Faith, understood in this more inclusive sense, may be characterized as an integral, centering process, underlying the formation of the beliefs, values, and meanings, that (a) gives coherence and direction to people's lives; (b) links them in shared trusts and loyalties with others; (c) grounds their personal stances and communal loyalties in a sense of relatedness to a larger frame of reference; and (d) enables them to face and deal with the limit conditions of human life, relying on that which has the quality of ultimacy in their lives.

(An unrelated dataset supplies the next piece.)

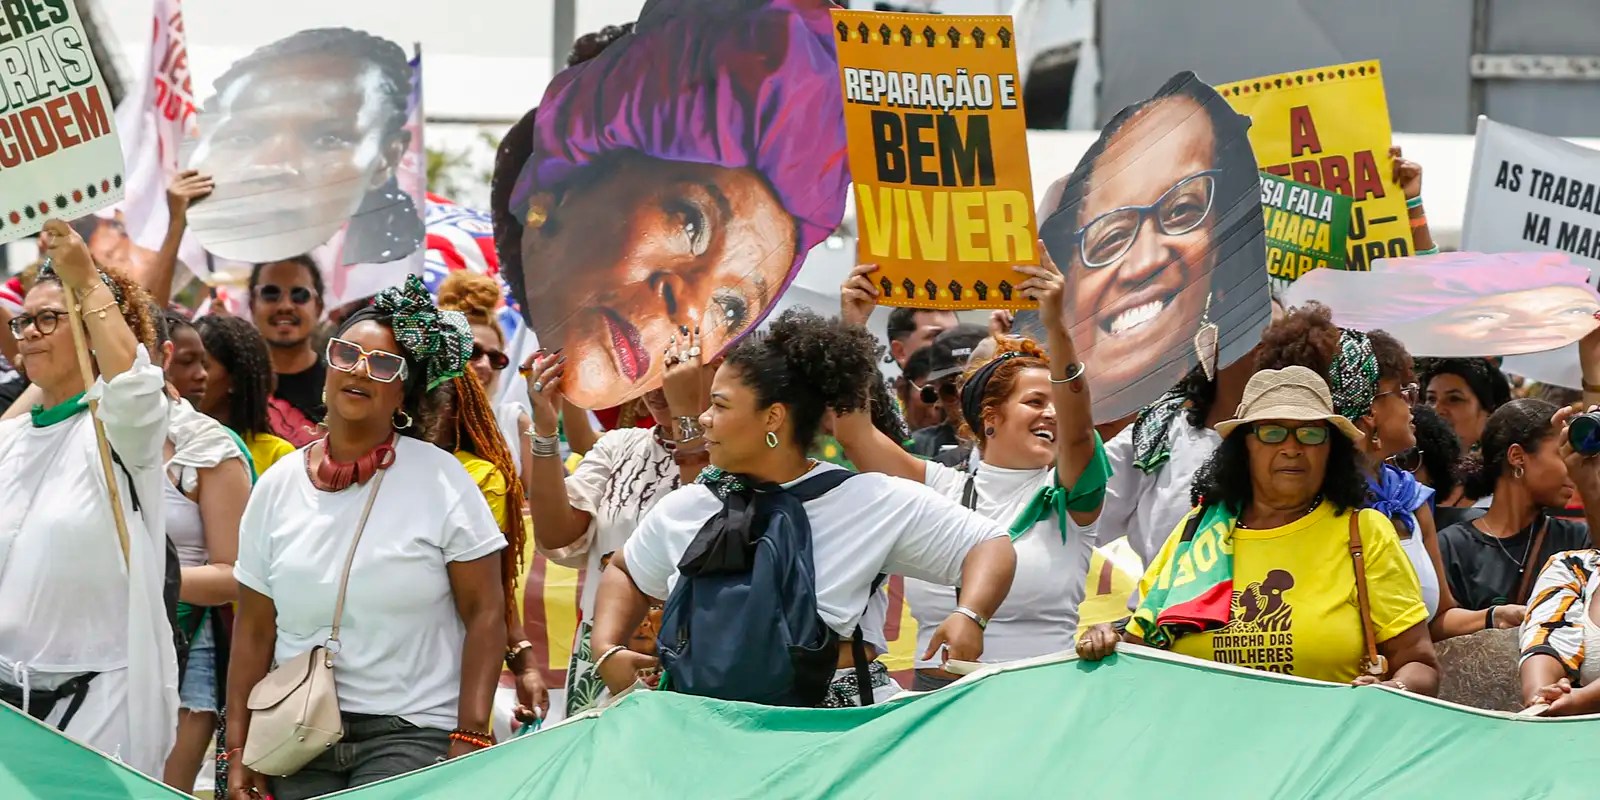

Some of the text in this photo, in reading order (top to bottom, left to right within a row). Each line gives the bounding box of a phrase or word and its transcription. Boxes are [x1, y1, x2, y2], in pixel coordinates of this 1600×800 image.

The foregoing characterization of faith is meant to be as formal as possible. It aims to include descriptions of religious faith as well as the explicit faith orientations of individuals and groups who can be described as secular or eclectic in their belief and value orientations. The non-content-specific characterizations of faith correlates with the formal intent of the descriptions of the stages of faith. The stages aim to describe patterned operations of knowing and valuing that underlie consciousness. The varying stages of faith can be differentiated in relation to the degrees of complexity, of comprehensiveness, of internal differentiation, and of moral inclusiveness that their operations of knowing and valuing manifest. In continuity with the constructive developmental tradition, faith stages are held to be invariant, sequential, and hierarchical."